Tipps

  • Sparplan. Lassen Sie sich stets einen individuellen Sparplan bis zum geplanten Rentenbeginn erstellen. Aus dem Sparplan sollten der für die maximale Förderung erforderliche Jahresbeitrag, der zu erwartende Kapitalstand am Ende der Sparphase und die Höhe der Rente hervorgehen, mit der Sie ungefähr rechnen können.
  • Rendite. Lassen Sie sich von den unterschiedlichen Bonusregelungen der Banken nicht verwirren. Nicht die Höhe der Boni ist entscheidend, sondern die Rendite, da sie alle Erträge und Kosten enthält. Bestehen Sie darauf, dass die Bank Ihnen die voraussichtliche Sparrendite bis zum Rentenbeginn ausrechnet.
  • Entnahme. Wollen Sie sich zum Rentenbeginn möglicherweise 20 Prozent Ihres Vorsorgekapitals auszahlen lassen, dann achten Sie darauf, dass Ihnen diese Option auch ausdrücklich im Vertrag eingeräumt wird.

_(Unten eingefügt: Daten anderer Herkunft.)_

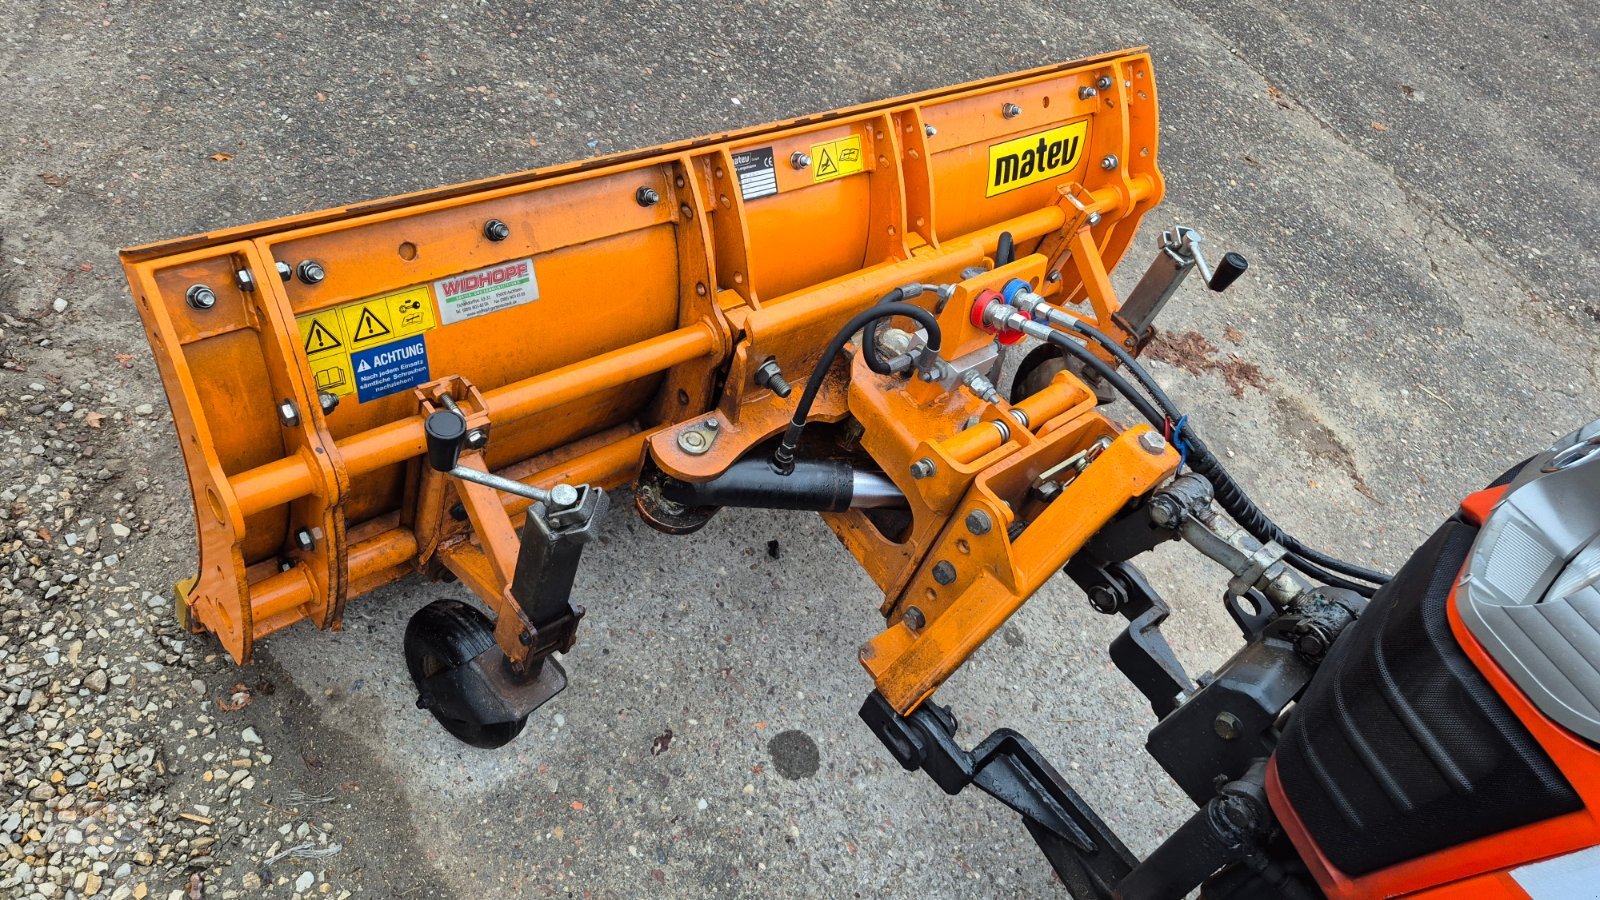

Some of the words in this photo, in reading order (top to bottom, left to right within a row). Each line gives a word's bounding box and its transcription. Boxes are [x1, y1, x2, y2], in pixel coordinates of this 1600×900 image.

[994, 135, 1079, 187] matev
[442, 262, 528, 297] WIDHOPF
[373, 342, 424, 368] ACHTUNG
[359, 377, 391, 390] sämtliche
[393, 366, 427, 380] Schrauben
[360, 372, 379, 382] Nach
[379, 367, 400, 378] jedem
[400, 359, 424, 370] Einsatz
[375, 376, 414, 392] nachziehen!
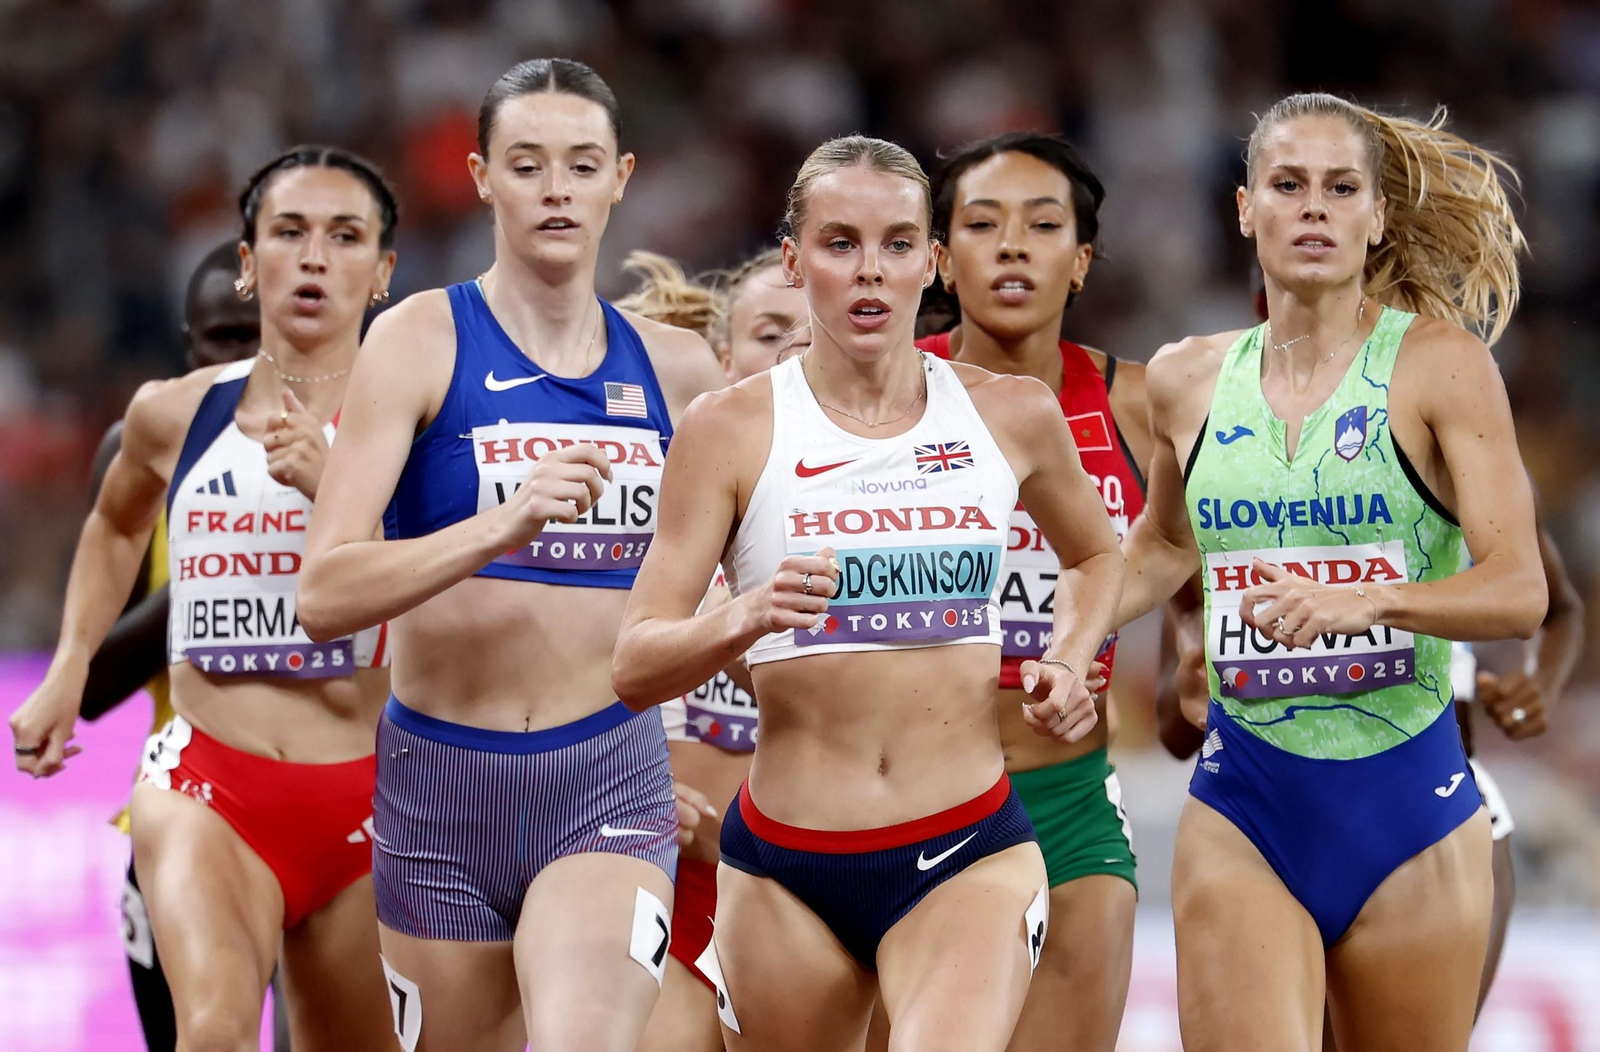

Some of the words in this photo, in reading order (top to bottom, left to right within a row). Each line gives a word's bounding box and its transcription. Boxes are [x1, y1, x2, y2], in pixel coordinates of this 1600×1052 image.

[479, 437, 661, 467] HODA
[850, 477, 928, 496] Novuna
[495, 481, 654, 527] LIS
[1198, 493, 1393, 531] SLOVENIJA
[187, 509, 307, 534] FRANC
[789, 505, 997, 538] HONDA
[179, 551, 302, 581] HOND
[184, 597, 301, 640] IBERM

  • Lockangebote. Schließen Sie keinen Vertrag mit befristetem Spitzenzinssatz ab, wenn nicht vertraglich geregelt ist, wie der Zinssatz danach festgelegt wird.
  • Referenzzinssatz. Bevorzugen Sie Angebote, bei denen der Zinssatz fest an die Entwicklung der Umlaufrendite öffentlicher Anleihen gekoppelt ist, sofern die Bank weniger als einen Prozentpunkt von der Umlaufrendite abzieht.

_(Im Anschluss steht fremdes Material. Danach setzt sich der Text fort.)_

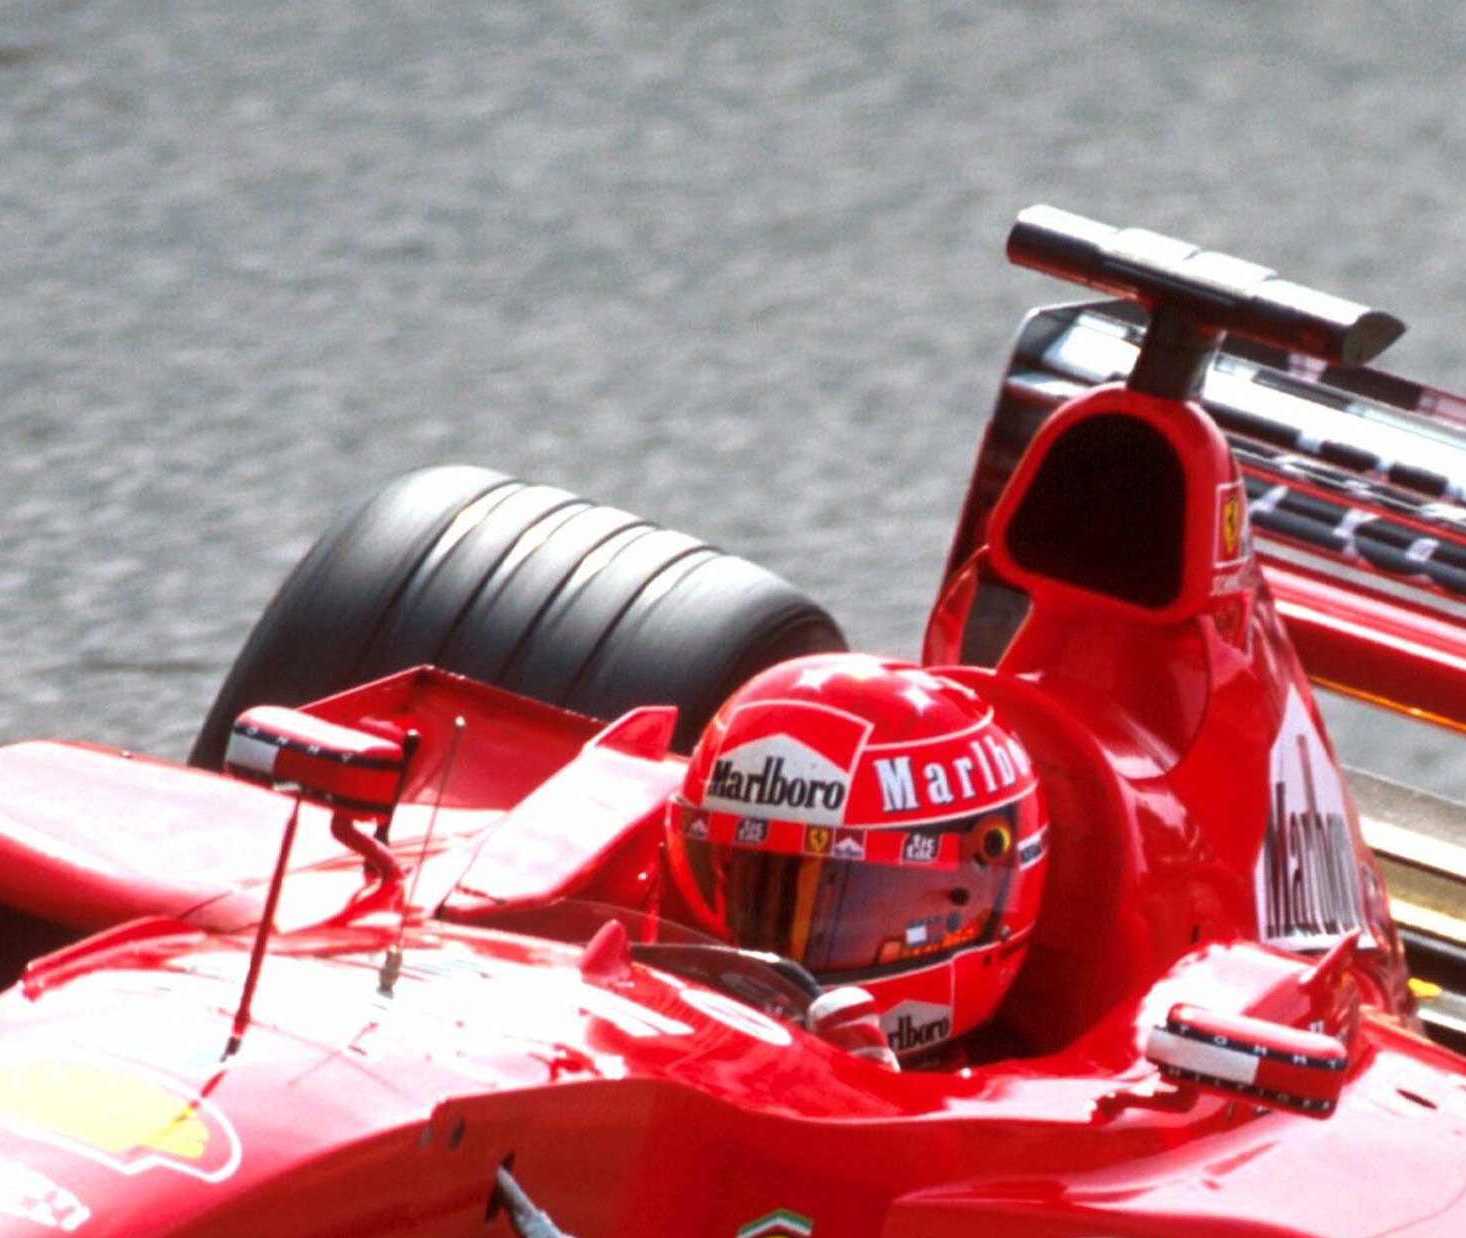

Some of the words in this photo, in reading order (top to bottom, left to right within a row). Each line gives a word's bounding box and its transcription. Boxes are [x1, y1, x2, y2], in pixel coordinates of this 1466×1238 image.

Riester-Banksparpläne im Kurzportrait

  • Produkt. Riester-Banksparpläne sind staatlich geförderte, verzinsliche Ratensparverträge, bei denen das Sparkapital ab Rentenbeginn (frühestens ab 60 Jahren) in eine lebenslange Rente umgewandelt wird.
  • Eignung. Diese Anlage eignet sich vor allem für Sparer ab 50 Jahren und für jüngere Anleger, die den Vertrag später für eine Eigenheimfinanzierung nutzen wollen.

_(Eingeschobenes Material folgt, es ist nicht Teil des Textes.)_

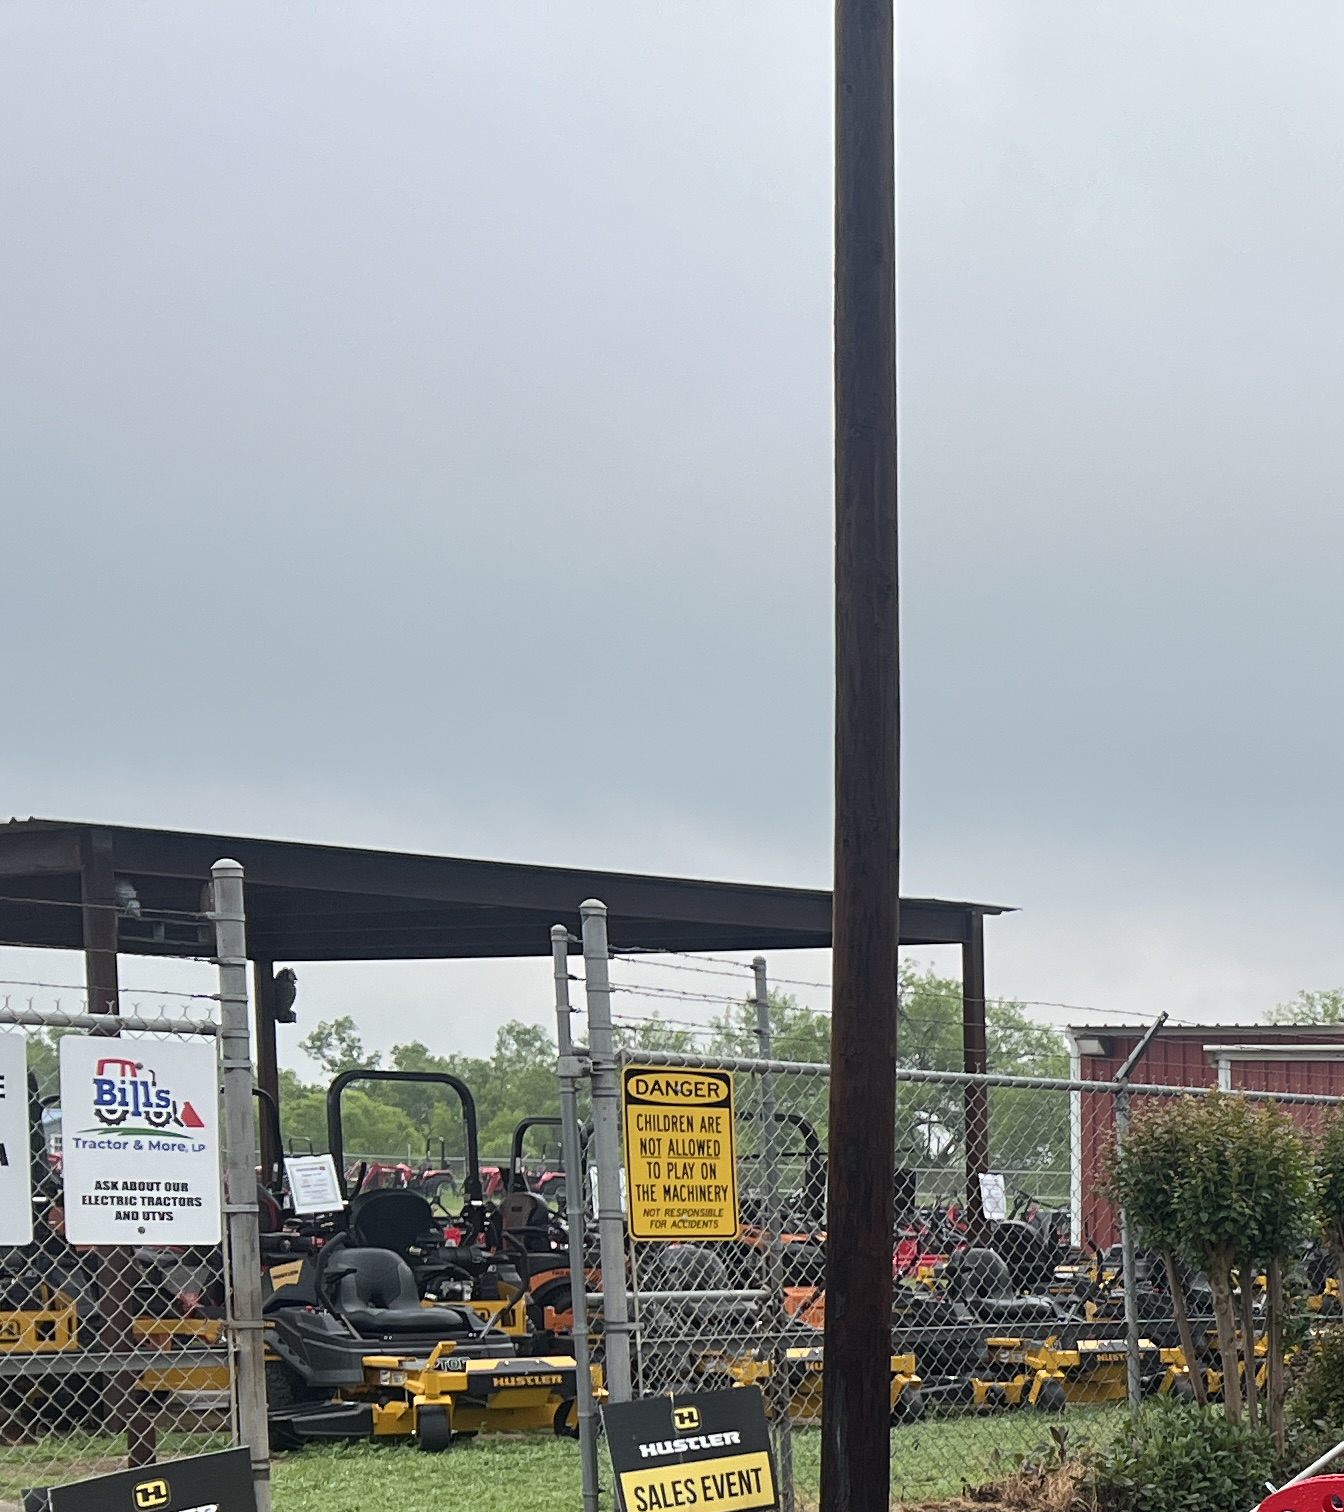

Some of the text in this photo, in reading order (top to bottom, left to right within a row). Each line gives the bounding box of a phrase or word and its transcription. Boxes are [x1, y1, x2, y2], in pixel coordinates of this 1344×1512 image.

[93, 1078, 171, 1117] Bill's
[636, 1079, 720, 1098] DANGER
[637, 1114, 722, 1134] CHILDREN ARE
[72, 1137, 206, 1153] Tractor & More, LP
[640, 1138, 721, 1158] NOT ALLOWED
[647, 1162, 717, 1180] TO PLAY ON
[94, 1180, 188, 1192] ASK ABOUT OUR
[635, 1184, 729, 1202] THE MACHINERY
[82, 1195, 202, 1207] ELECTRIC TRACTORS
[114, 1210, 139, 1221] AND
[643, 1208, 724, 1218] NOT RESPONSIBLE
[650, 1219, 719, 1229] FOR ACCIDENTS
[492, 1374, 563, 1387] HUSTLER
[638, 1430, 741, 1458] HUSTLER
[634, 1467, 762, 1512] SALES EVENT

  • Renditeerwartungen. Je nach Angebot und Laufzeit schwankt sie zwischen 3 und 6 Prozent.
  • Sicherheit. Sie ist auch während der Laufzeit sehr hoch. Denn es ist garantiert, dass die gutgeschriebenen Zinsen und das angesparte Kapital erhalten bleiben.
  • Transparenz. Bei den meisten Sparplänen ist unklar, wie die Bank die Zinsen in der Zukunft festlegt. Transparent ist nur eine Kopplung des Vertragszinses an die Entwicklung eines Kapitalmarktzinssatzes bei einigen Volksbanken.